A tarefa: dada uma imagem, prever coordenadas 2D (x, y) para cada keypoint (17 para o corpo: nariz, olhos, orelhas, ombros, cotovelos, pulsos, quadris, joelhos, tornozelos). Abordagens top-down primeiro detectam pessoas (bounding boxes), depois estimam a pose dentro de cada box. Abordagens bottom-up detectam todos os keypoints primeiro, depois os agrupam em indivíduos. Top-down é mais preciso para poucas pessoas; bottom-up é mais rápido para multidões.
Pose 2D dá (x, y) em coordenadas da imagem. Pose 3D estima (x, y, z) em coordenadas do mundo real, permitindo percepção de profundidade (a mão está se estendendo em direção à câmera ou se afastando?). Pose 3D é essencial para captura de movimento, VR/AR e robótica. Modelos como MotionBERT e 4DHumans estimam pose 3D a partir de uma única imagem 2D aproveitando priors aprendidos sobre proporções e física do corpo humano.

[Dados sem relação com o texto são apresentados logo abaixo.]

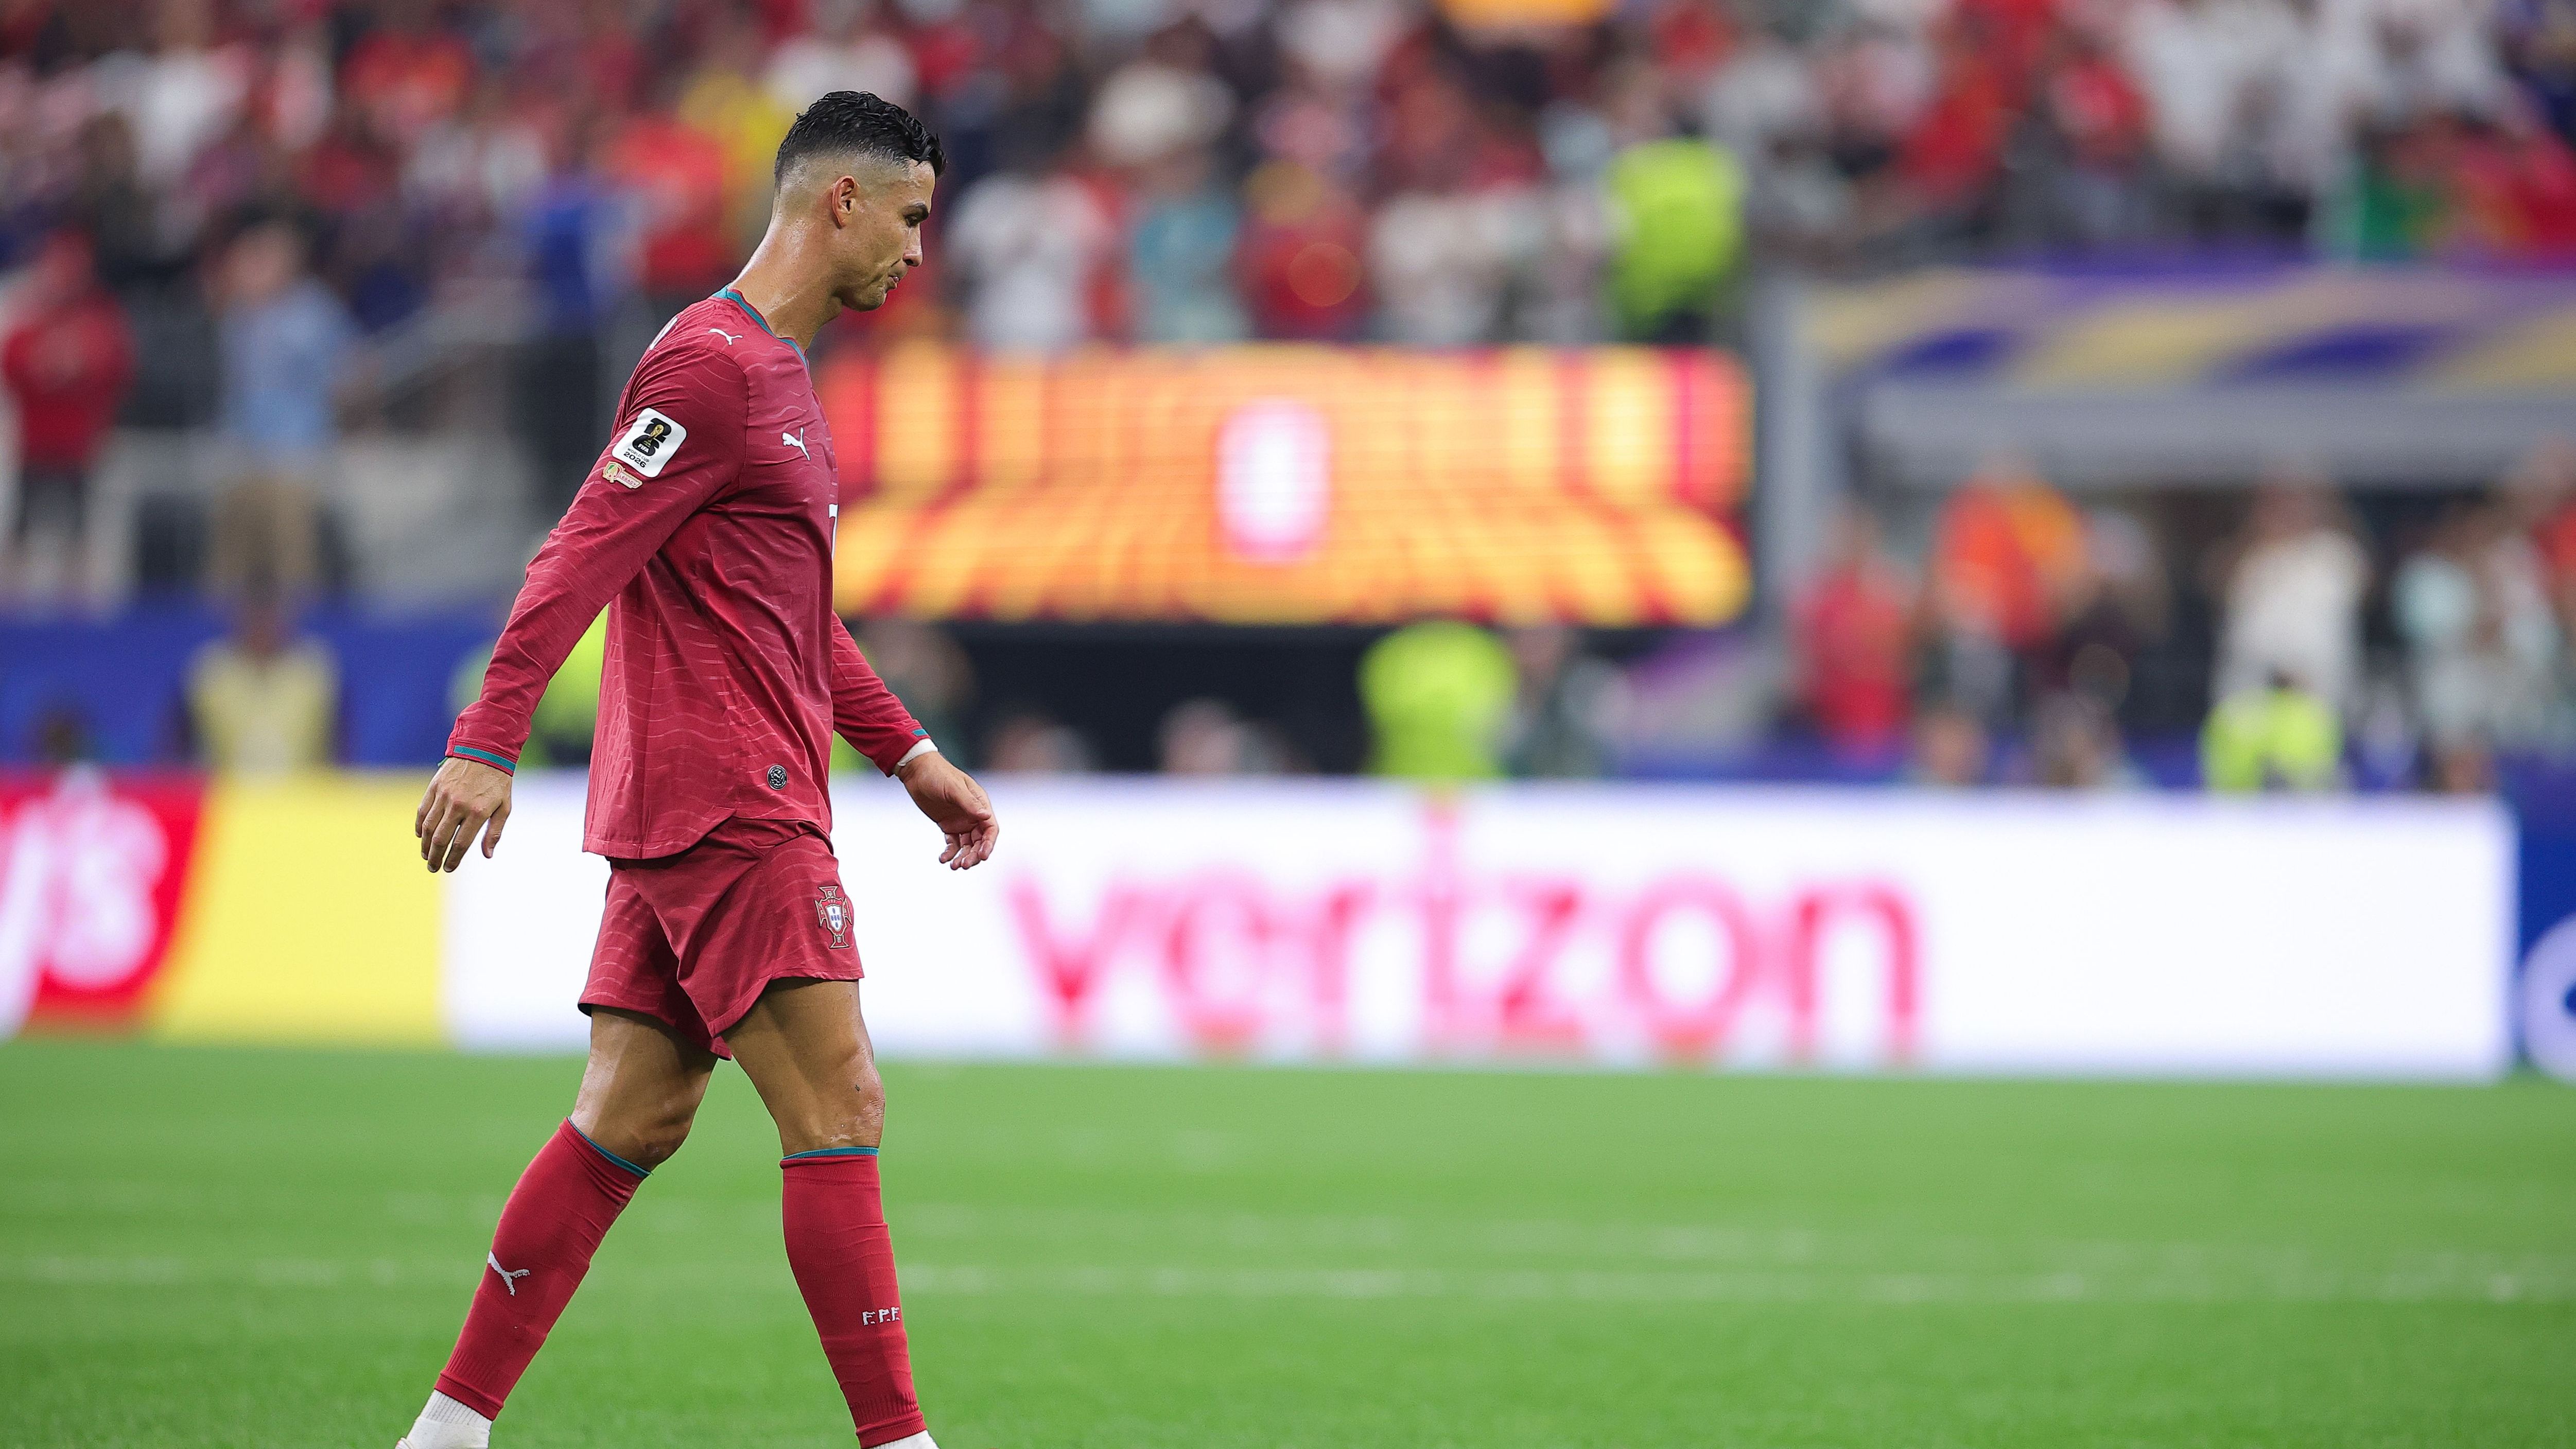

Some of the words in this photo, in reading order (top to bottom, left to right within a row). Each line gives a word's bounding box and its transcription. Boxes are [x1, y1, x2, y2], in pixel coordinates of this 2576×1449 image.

A estimativa de pose das mãos rastreia 21 keypoints por mão, permitindo reconhecimento de gestos e compreensão de linguagem de sinais. A detecção de landmarks faciais rastreia mais de 468 pontos para análise de expressões, filtros faciais e reconhecimento de emoções. A estimativa de pose animal adapta as mesmas técnicas para quadrúpedes, possibilitando pesquisa com vida selvagem e aplicações veterinárias. O MediaPipe (Google) fornece soluções em tempo real para pose corporal, manual e facial que rodam em dispositivos móveis.